In this first part of our exclusive conversation with Nobel Laureate Robert Engle, we dive into the rising tide of geopolitical risk and how it manifests in financial markets. From pandemics to tariffs to war, these events have become global economic shockwaves and they’re increasingly hard to predict. Global uncertainty has moved to the forefront of investor concerns.
Rethinking Geopolitical Risk
Traditional geopolitical risk indices often rely on news sentiment or expert assessment. But Engle’s research team, particularly through NYU’s V-Lab, takes a different path looking directly at financial markets to extract what he now calls “Common Volatility Risk,” or CoVol.
Gianluca De Nard: “Are there days when news is so impactful that markets all over the world move more than their forecasted volatilities?”
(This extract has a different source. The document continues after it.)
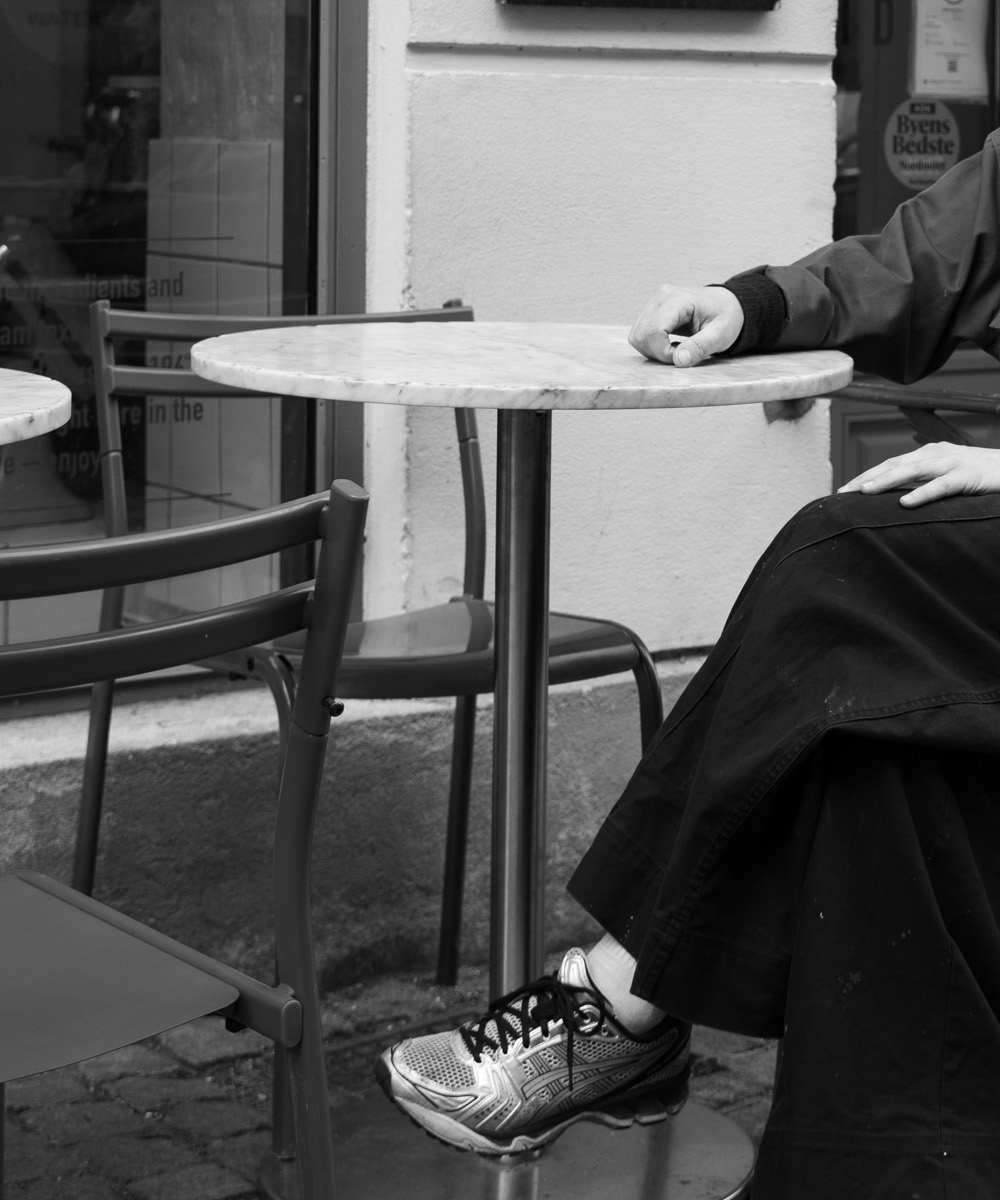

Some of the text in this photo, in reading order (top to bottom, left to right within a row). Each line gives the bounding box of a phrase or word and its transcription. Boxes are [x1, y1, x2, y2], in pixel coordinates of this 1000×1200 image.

Robert Engle: “Those are common shocks—often geopolitical in nature—but also economic, medical, or otherwise.”
This statistical approach identifies global volatility spikes across countries and asset classes. Think February 20, 2020 (COVID shock), Brexit, or post-9/11 reopenings. "Not all major news events create common market shocks. For example, Russia’s invasion of Ukraine didn’t trigger significant spikes in their model: Some events that you’d expect to matter—like the start of the Ukraine war—don’t show up as global volatility events. That might be because markets weren’t materially exposed, or because the US actually benefitted economically via defense spending.”
Tail Events and Investment Implications
So how should investors respond to this new volatility regime? For Engle, it’s clear that geopolitical shocks function as tail risks—sudden, extreme, and often poorly forecasted: “They affect many assets at once—so you get these portfolio-wide drawdowns even when your exposure seems diversified.”
One potential response? Adjust country exposures based on their CoVol factor loadings—that is, how sensitive each country’s markets are to these global volatility spikes. Engle notes that countries with high exposure to common volatility shocks may warrant lower weights in a risk-optimized portfolio: “Smaller or more disconnected economies might offer diversification benefits. But they often have lower weights in traditional evaluated indices, so this takes you away from the benchmark.”
This approach calls into question passive investing strategies, which often overweight concentrated markets like the U.S and shows the benefit of well-managed risk-optimized portfolios with less concentration risk on country, sector and even company level.